- TASK
A word-for-word copy of the records below is needed, without the images.

- DATA SHOWN
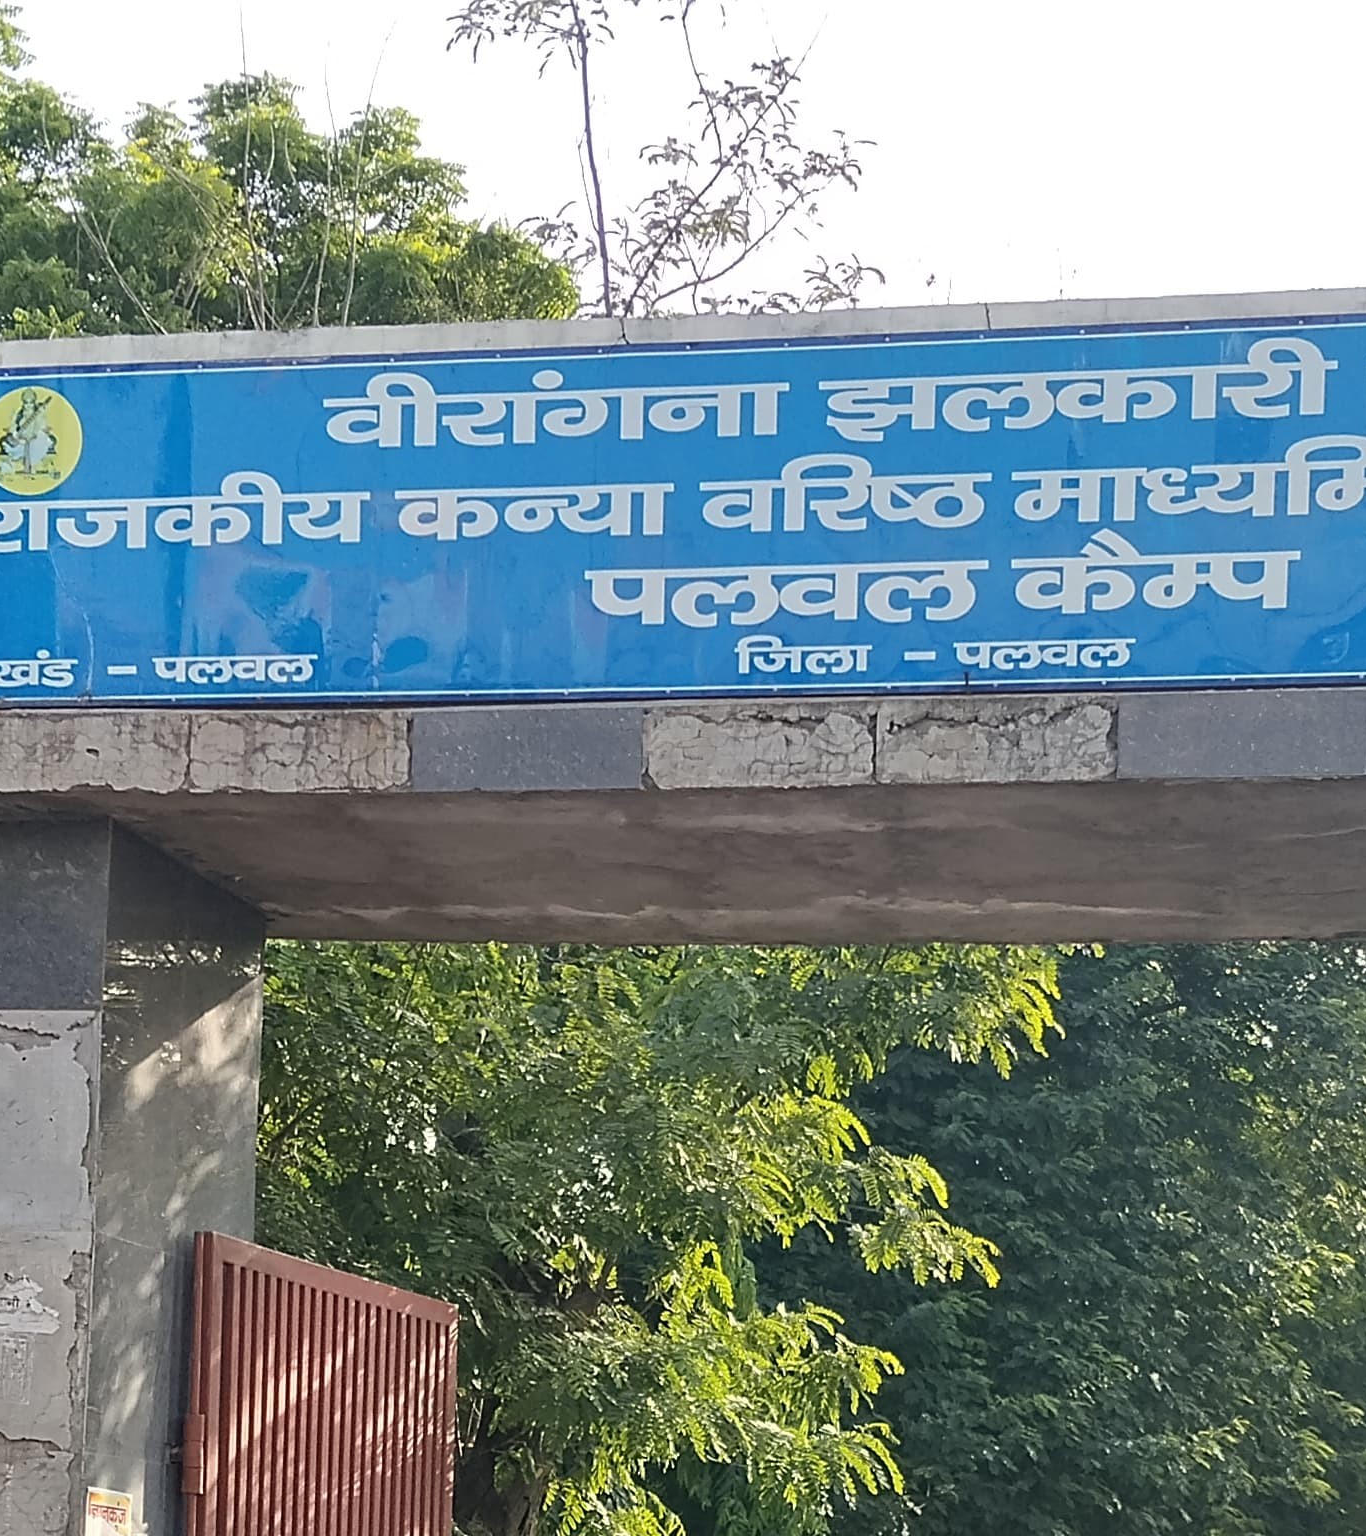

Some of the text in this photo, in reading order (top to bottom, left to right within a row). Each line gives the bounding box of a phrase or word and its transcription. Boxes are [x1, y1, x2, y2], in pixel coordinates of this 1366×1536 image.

[324, 370, 788, 448] वीरांगना
[825, 336, 1337, 443] झलकारी
[394, 483, 674, 541] कन्या
[700, 451, 991, 534] वरिष्ठ
[584, 527, 1300, 628] पलवल कैम्प
[151, 653, 317, 684] पलवल
[735, 634, 871, 676] जिला
[954, 636, 1134, 670] पलवल

- SOLUTION FOR THIS EXERCISE
Some of the text in this photo, in reading order (top to bottom, left to right within a row). Each line gives the bounding box of a phrase or word and its transcription. Boxes are [x1, y1, x2, y2], in pixel coordinates of this 1366×1536 image.

[324, 370, 788, 448] वीरांगना
[825, 336, 1337, 443] झलकारी
[394, 483, 674, 541] कन्या
[700, 451, 991, 534] वरिष्ठ
[584, 527, 1300, 628] पलवल कैम्प
[151, 653, 317, 684] पलवल
[735, 634, 871, 676] जिला
[954, 636, 1134, 670] पलवल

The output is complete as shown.